Just an additional comment on the 'pg repair' behaviour.

I confirm what Brad reported in
http://tracker.ceph.com/issues/17177#note-15

Running a 'pg repair' results in an updated object in osd.78 (which is the primary osds). The timestaps of the same objects in the peer remain unchanged.

  1. ll /var/lib/ceph/osd/ceph-78/current/5.3d0_head/602.00000000__head_2A8B6BD0__5 rw-r--r- 1 ceph ceph 0 Sep 7 02:04 /var/lib/ceph/osd/ceph-78/current/5.3d0_head/602.00000000__head_2A8B6BD0__5

I also collected the object list-map after recovery and checked that all the previously missing keys are now present. The follwing command doesn't return any output:

$ for entry in `diff ceph-objectstore-tool_osd.49_pgid5.3d0_list-omap.txt ceph-objectstore-tool_osd.78_pgid5.3d0_list-omap.txt | grep "^<" | cut -f2 -d' '`; do exists=`grep $entry ceph-objectstore-tool_osd.78_pgid5.3d0_list-omap.txt.repaired`; if [ "X$exists" == "X" ]; then echo "$entry does not exist in repaired osd.78"; fi; done

Cheers
Goncalo

#38 Updated by Brad Hubbard 7 months ago

Goncalo,

The earliest entry in the log related to the divergent object is this.

{     
"op": "modify ",
"object": "5:0bd6d154:::602.00000000:head",
"version": "23099'104711",
"prior_version": "23099'102844",
"reqid": "mds.0.805:109278642",
"extra_reqids": [],
"mtime": "2016-08-29 20:26:20.500693",
"mod_desc": {
"object_mod_desc": {
"can_local_rollback": false,
"rollback_info_completed": false,
"ops": []
}
}
},

All log views are the same in relation to this operation (and all subsequent operations) so it is possible the log does not go back far enough (this was only a few hours before the scrub error and the earliest entry in the logs is 2016-08-29 20:14:48.037782).
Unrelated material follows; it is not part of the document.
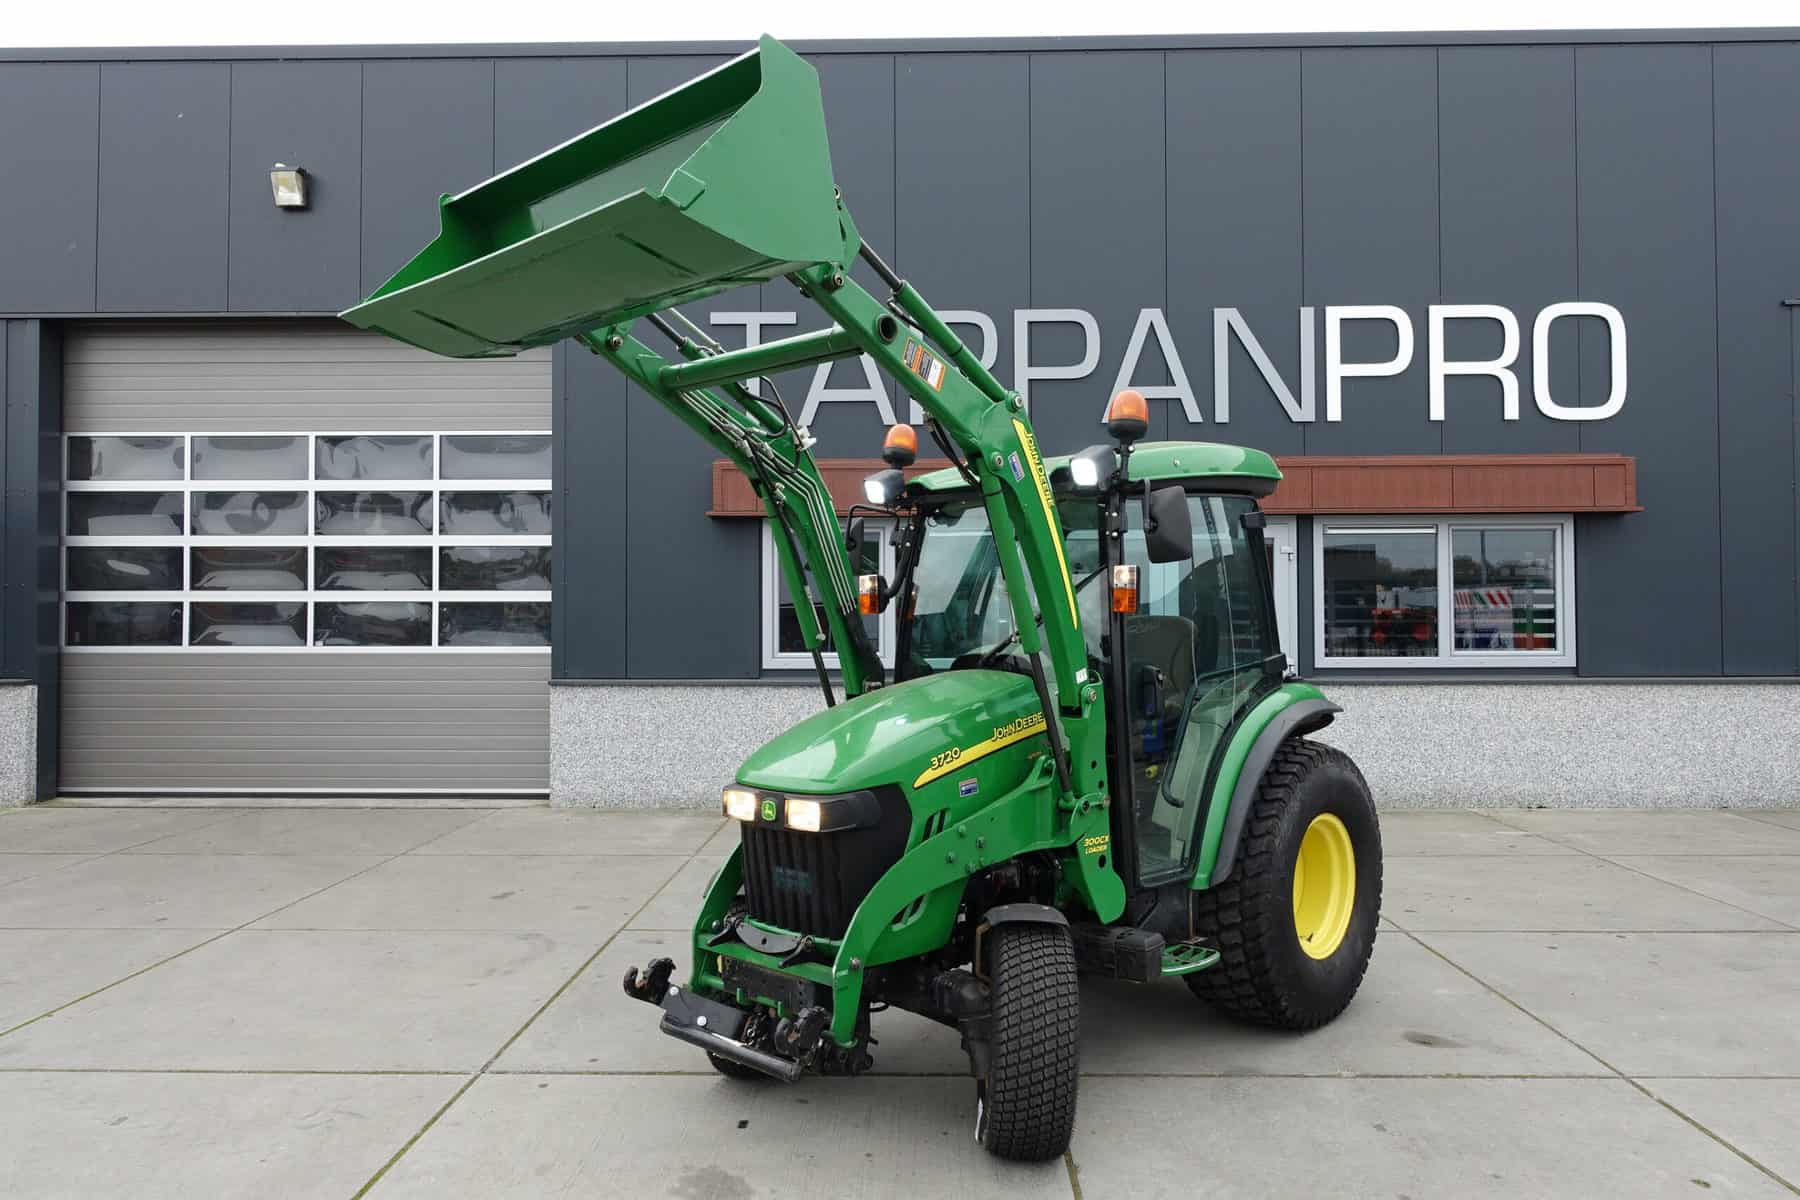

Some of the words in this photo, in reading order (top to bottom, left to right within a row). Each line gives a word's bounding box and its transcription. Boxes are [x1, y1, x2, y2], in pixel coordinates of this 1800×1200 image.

It is also possible that all OSDs did commit the operation in question (whichever operation that was) and that the data divergence happened due to some other factor or factors. I'm afraid this gets us no closer to establishing a timeline and, for now, all we know is that some time between the first time deep-scrub identified the discrepancy and the deep-scrub before that this object became inconsistent. If you can find the logs for this period (in between the last time this pg passed a deep scrub and the first time it failed) I can take a look but it's unlikely that they will show us anything at the default log level. I'd suggest being vigilant about this and grabbing syslog, dmesg and the osd log of the divergent copy as soon as possible after this happens next time.

If you can provide the logs I mentioned above I will take a look though.

Given this is possibly related to a journal being truncated, and given you are using Intel SSDs (same as Sean) for this purpose, it's possible the drives may be the issue. Note that I am not accusing the drives but just trying to cover all bases and apply focus where I believe it is warranted.

The mystery of why the SG_IO errors are being triggered by the ceph-objectstore-tool is solved by the error messages Sean is getting, "sh: 1: /sbin/hdparm: not found". It turns out deep in the filestore code we do call hdparm which I was unaware of, my bad.

https://github.com/badone/ceph/blob/master/src/os/filestore/FileJournal.cc#L187-L193

Glad to hear the object repaired without issue and as expected.

#39 Updated by Goncalo Borges 7 months ago

Hi Brad...

Thanks for all the help. Unfortunately, I do not have further logs. Based on my experience, I do feel this will reappear in a couple of weeks time. Next time we will be faster in determining and collecting all relevant logs.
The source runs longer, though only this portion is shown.